Task → Output the records precisely as they stand. Pictures are to be skipped.

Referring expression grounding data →
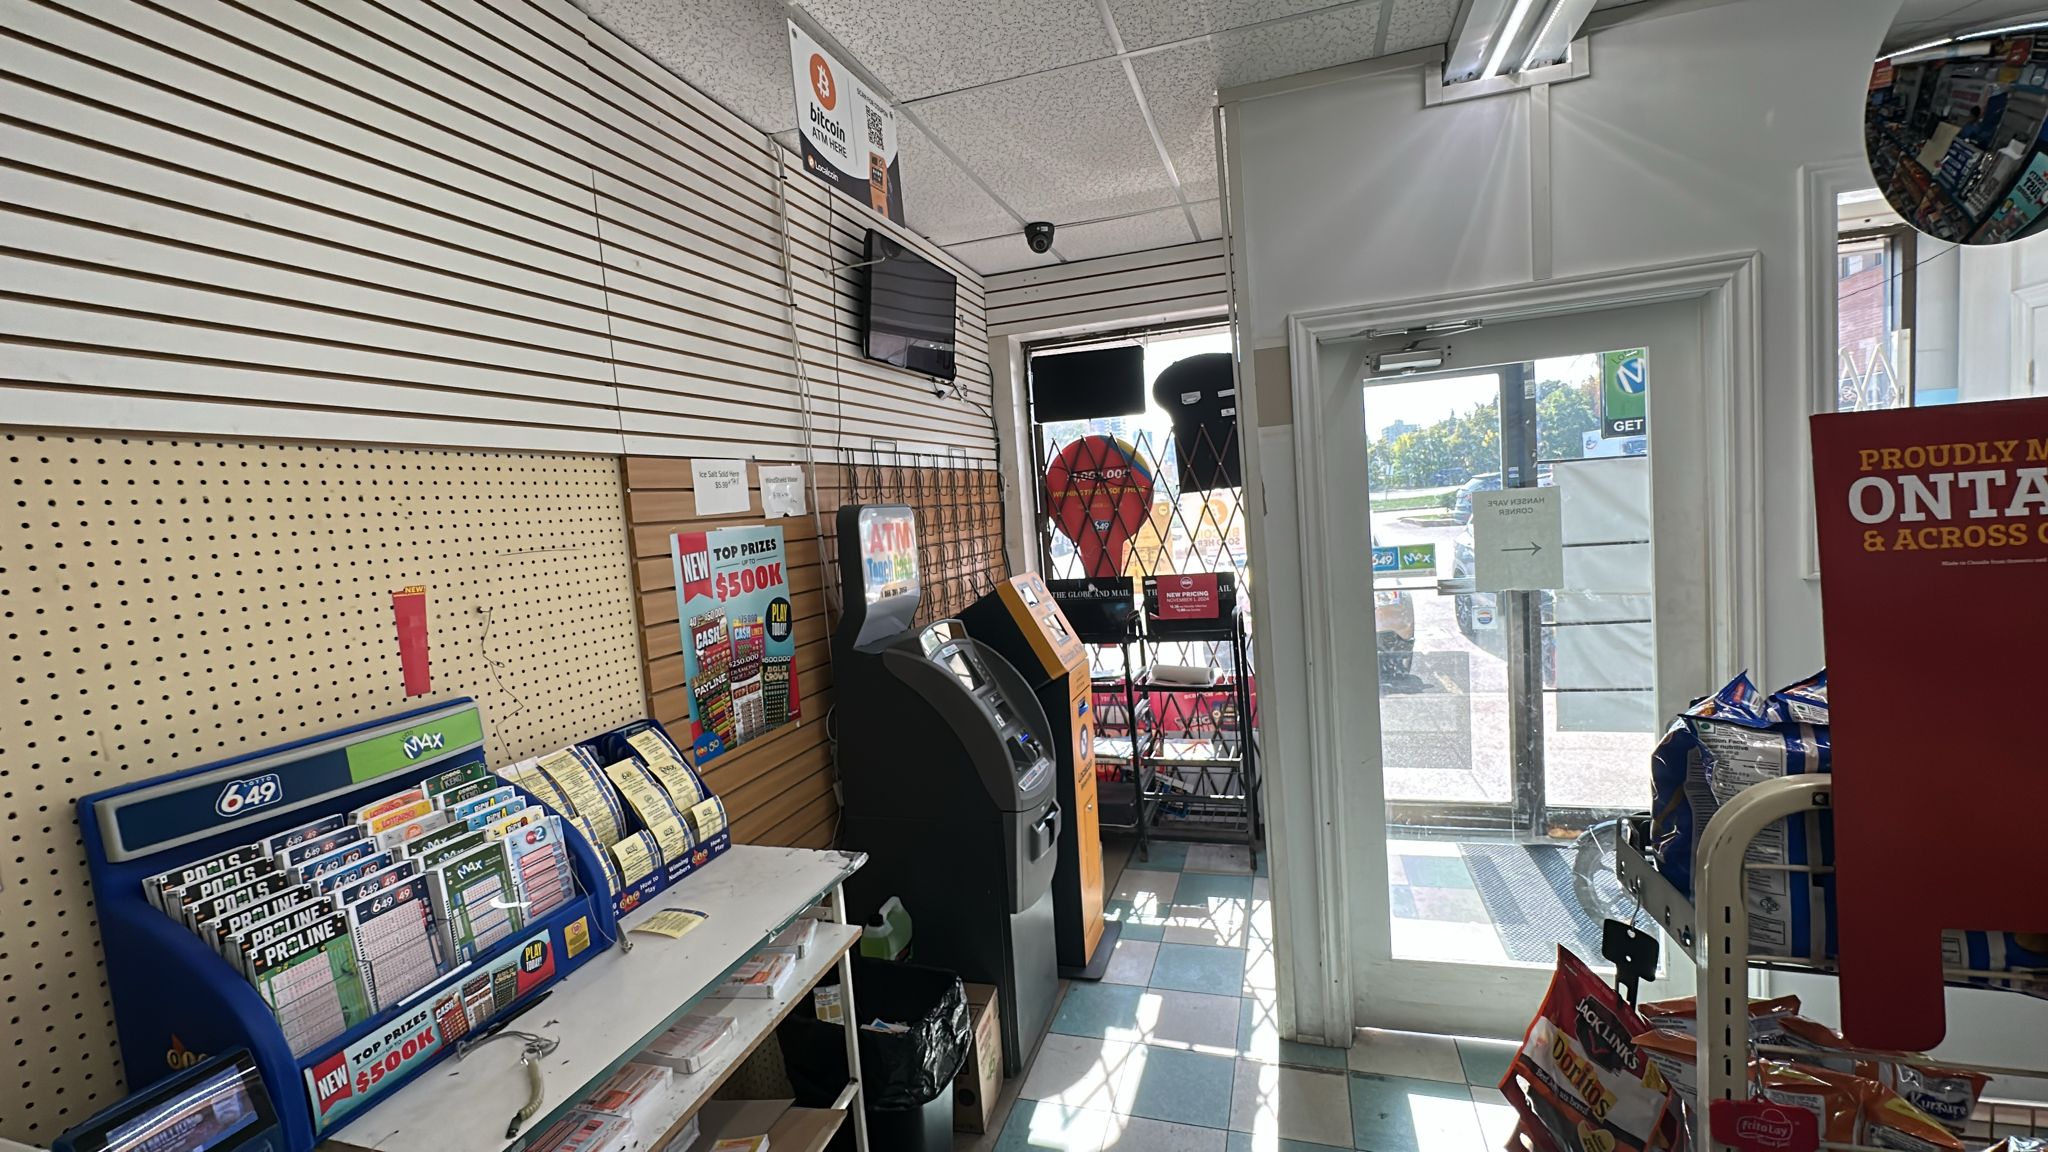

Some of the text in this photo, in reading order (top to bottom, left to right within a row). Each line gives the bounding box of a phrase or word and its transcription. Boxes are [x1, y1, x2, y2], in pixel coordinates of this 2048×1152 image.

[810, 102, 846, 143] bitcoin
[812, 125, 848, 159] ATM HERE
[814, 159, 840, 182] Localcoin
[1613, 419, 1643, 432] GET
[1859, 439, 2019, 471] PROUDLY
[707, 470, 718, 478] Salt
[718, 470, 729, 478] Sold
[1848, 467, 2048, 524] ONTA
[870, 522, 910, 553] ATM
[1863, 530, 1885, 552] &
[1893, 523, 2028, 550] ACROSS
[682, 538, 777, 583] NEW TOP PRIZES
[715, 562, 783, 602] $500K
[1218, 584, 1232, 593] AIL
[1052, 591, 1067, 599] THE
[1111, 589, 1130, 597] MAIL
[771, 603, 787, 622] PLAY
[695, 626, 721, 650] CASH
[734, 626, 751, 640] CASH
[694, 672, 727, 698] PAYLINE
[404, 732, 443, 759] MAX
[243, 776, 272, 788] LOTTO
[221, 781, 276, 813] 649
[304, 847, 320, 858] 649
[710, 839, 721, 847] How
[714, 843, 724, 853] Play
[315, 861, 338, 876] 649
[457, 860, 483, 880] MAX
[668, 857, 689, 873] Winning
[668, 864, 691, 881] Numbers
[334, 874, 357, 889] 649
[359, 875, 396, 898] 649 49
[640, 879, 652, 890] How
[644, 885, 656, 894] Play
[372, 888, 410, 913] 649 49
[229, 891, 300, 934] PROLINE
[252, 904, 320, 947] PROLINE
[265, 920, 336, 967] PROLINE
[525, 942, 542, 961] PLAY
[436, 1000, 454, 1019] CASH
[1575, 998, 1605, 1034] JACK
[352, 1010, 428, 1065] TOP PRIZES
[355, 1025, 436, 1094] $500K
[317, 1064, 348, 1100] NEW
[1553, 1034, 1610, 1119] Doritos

Reply →
Some of the text in this photo, in reading order (top to bottom, left to right within a row). Each line gives the bounding box of a phrase or word and its transcription. Boxes are [x1, y1, x2, y2], in pixel coordinates of this 2048×1152 image.

[810, 102, 846, 143] bitcoin
[812, 125, 848, 159] ATM HERE
[814, 159, 840, 182] Localcoin
[1613, 419, 1643, 432] GET
[1859, 439, 2019, 471] PROUDLY
[707, 470, 718, 478] Salt
[718, 470, 729, 478] Sold
[1848, 467, 2048, 524] ONTA
[870, 522, 910, 553] ATM
[1863, 530, 1885, 552] &
[1893, 523, 2028, 550] ACROSS
[682, 538, 777, 583] NEW TOP PRIZES
[715, 562, 783, 602] $500K
[1218, 584, 1232, 593] AIL
[1052, 591, 1067, 599] THE
[1111, 589, 1130, 597] MAIL
[771, 603, 787, 622] PLAY
[695, 626, 721, 650] CASH
[734, 626, 751, 640] CASH
[694, 672, 727, 698] PAYLINE
[404, 732, 443, 759] MAX
[243, 776, 272, 788] LOTTO
[221, 781, 276, 813] 649
[304, 847, 320, 858] 649
[710, 839, 721, 847] How
[714, 843, 724, 853] Play
[315, 861, 338, 876] 649
[457, 860, 483, 880] MAX
[668, 857, 689, 873] Winning
[668, 864, 691, 881] Numbers
[334, 874, 357, 889] 649
[359, 875, 396, 898] 649 49
[640, 879, 652, 890] How
[644, 885, 656, 894] Play
[372, 888, 410, 913] 649 49
[229, 891, 300, 934] PROLINE
[252, 904, 320, 947] PROLINE
[265, 920, 336, 967] PROLINE
[525, 942, 542, 961] PLAY
[436, 1000, 454, 1019] CASH
[1575, 998, 1605, 1034] JACK
[352, 1010, 428, 1065] TOP PRIZES
[355, 1025, 436, 1094] $500K
[317, 1064, 348, 1100] NEW
[1553, 1034, 1610, 1119] Doritos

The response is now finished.